I was originally paid for this article to appear on the now defunct Outloud Magazine website. It probably serves as another example of younger me's snobbishness, which I hope I've shrugged off these days.
Valentine’s Day gets a lot of bad press for being hijacked by greetings card manufacturers to bleed the bank accounts of lovers the world over.
Younger people feel a particular pressure to honour the day because, rather than seeing its popularity increase, it has been an ingrained part of modern culture for their whole lives. Commercialism is nothing new to this generation who are used to their eyeline being sold to the highest bidder. Your average 20-year-old wants to walk down the aisle to a Disney song, has ‘Just Do It’ tattooed across their chest and, when cut, bleeds Alien-esque corrosive Coca Cola. To this infantilised, Nike inked, coke bleeder, Valentine’s Day is like Christmas, only pinker.
There are other relatively recent annual events that could also be accused of being fabrications designed to prise open your wallet, but Valentine’s Day is particularly divisive. Mothers’ Day doesn’t receive the same flack because it’s more sincere. If you walk into a restaurant on Mothers’ Day, you aren’t repulsed by the sight of all the other people there with their mums. That’s probably because it’s not exclusive. Everyone has or had a mother. That’s biology for you. Single people can start to feel like they’re the only single person in the world, and when February 14th comes around it kicks down the door and carves the words ‘YOU ARE ALONE’ into their eyelids.
A big part of it is that Mothers’ Day doesn’t have a colour scheme, and there aren’t any sickeningly soppy Mothers’ Day films. There isn’t a formula for Mother’s Day, whereas the compulsory Valentine’s Day card, roses, and meal are horribly ironic: attempting to make someone feel special by doing the same as everyone else. Valentine’s Day is more like New Year’s Eve. It’s enforced fun time, because the best kind of fun is non-negotiable. It’s not presented as an opportunity to do something nice, but as a day on which you’re miserable if you don’t. It’s a day that superficially turns the whole world into Gay Paree, but beneath the rose petals it is a day when the glass of expensive wine is always half empty.
The greetings card sums up Valentine’s Day. You have to send a card, and what do you write inside? Well, there’s usually someone else’s poor poetry or vague soppiness printed in there, but what do you add beneath that? A question mark. What says “I love you” like a card which contains a single piece of punctuation? It’s just lazy. Having said that, there is a certain romance in sending an anonymous card to someone you’re not yet romantically involved with, but if this is your big chance to tell them how you feel and you just put a question mark, you deserve to be alone.
Mothers’ Day and Fathers’ Day are a good opportunity to thank your parents for putting up with you.
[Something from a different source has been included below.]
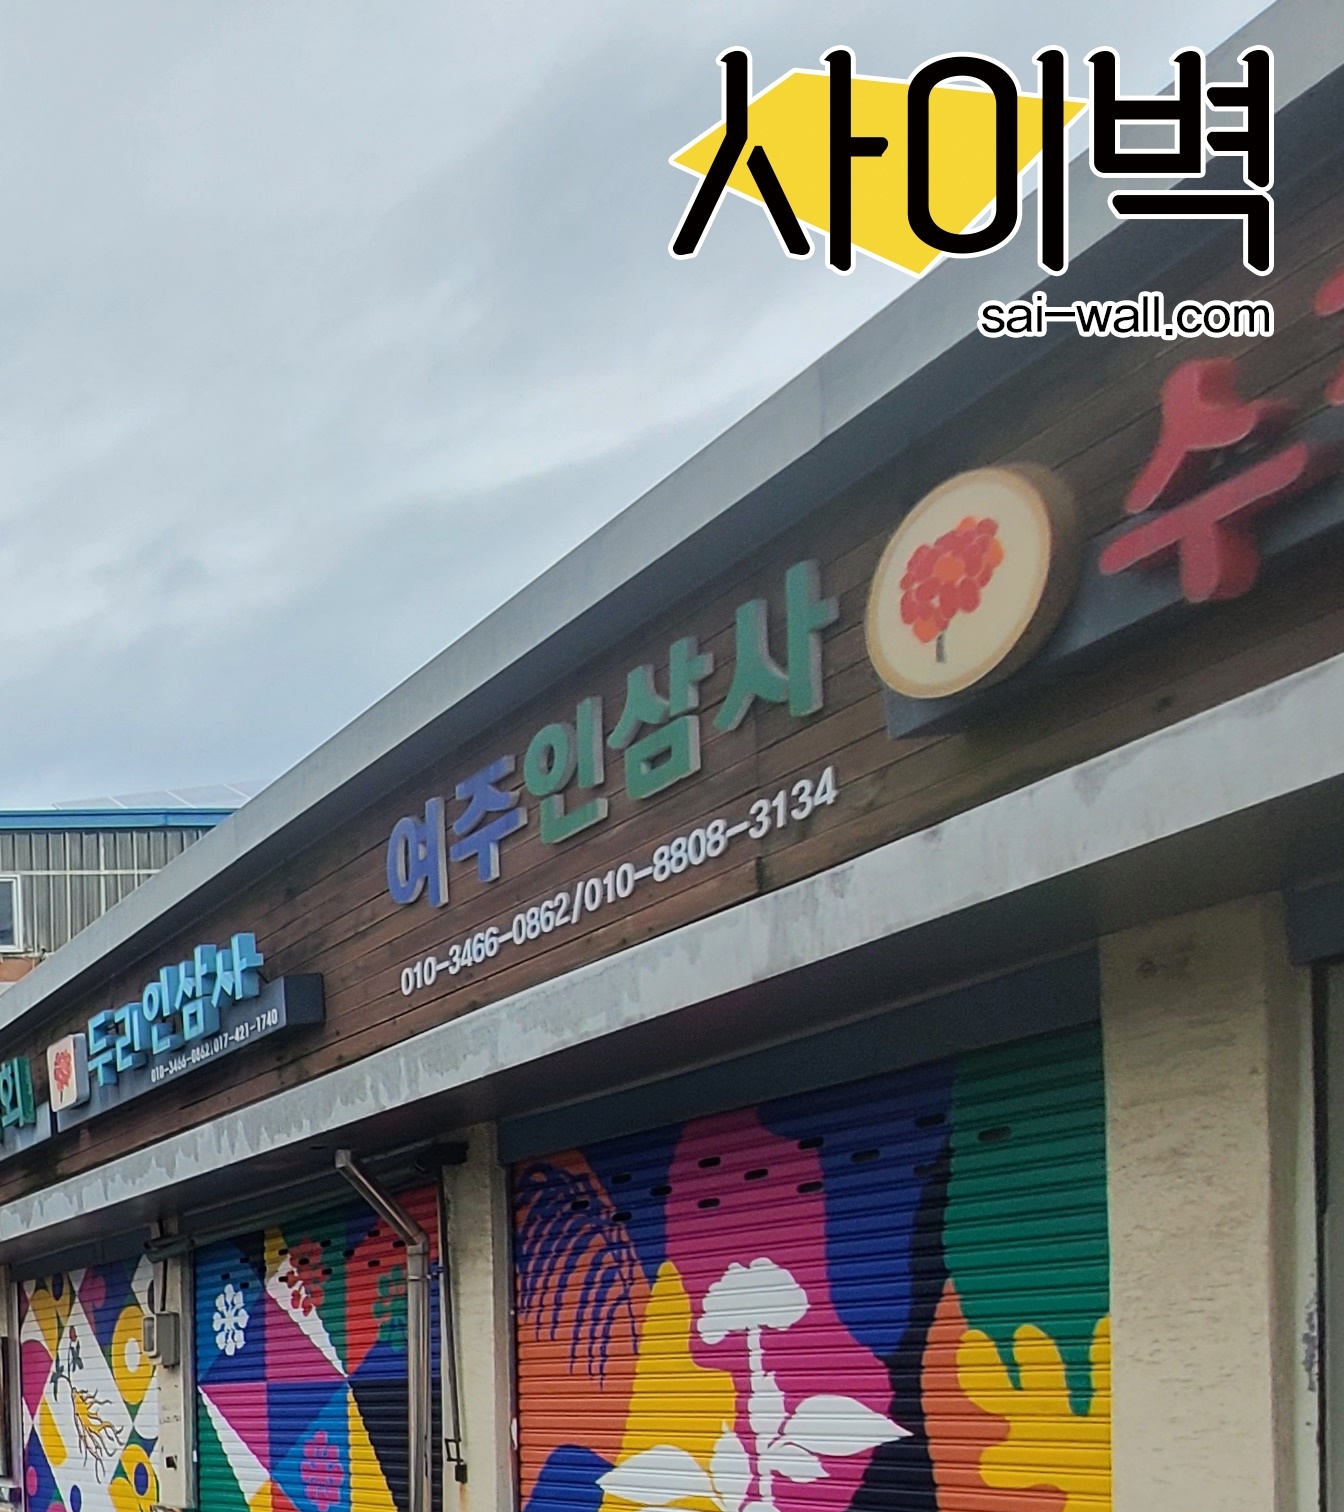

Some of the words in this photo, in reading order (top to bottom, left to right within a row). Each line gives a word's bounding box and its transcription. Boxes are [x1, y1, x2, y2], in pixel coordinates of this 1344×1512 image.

Valentine’s Day should be the same. We’ve all got someone who (romantically or otherwise) puts up with us, and they need thanking. Let’s get rid of the artifice, boycott the restaurants full of yucky couples paying twice the normal price, and rename February 14th ‘Thanks For Putting Up With Me Day’.
Think about it:
It doesn’t exclude anyone, because if you have no one who puts up with you then you can either A) be thankful that you aren’t a burden to anyone or B) take this as a wake-up call to deal with your insufferable behaviour.
Presents, outings and meals may well be involved, but they won’t all conform to a specific type or colour. It will be like it’s everybody’s birthday on the same day, kind of like a second Christmas, and what the barren wasteland that is February really needs is its own Christmas. Easter tries to be the late winter / early spring celebration, but it ruined it by introducing 40 days of giving things up. Admittedly Pancake Day is pretty good fun, but you can have pancakes on Thanks For Putting Up With Me Day.
Finally, and most importantly, if we introduce Thanks For Putting Up With Me Day you will never have to read yet another sarcastic opinion piece bemoaning Valentine’s Day.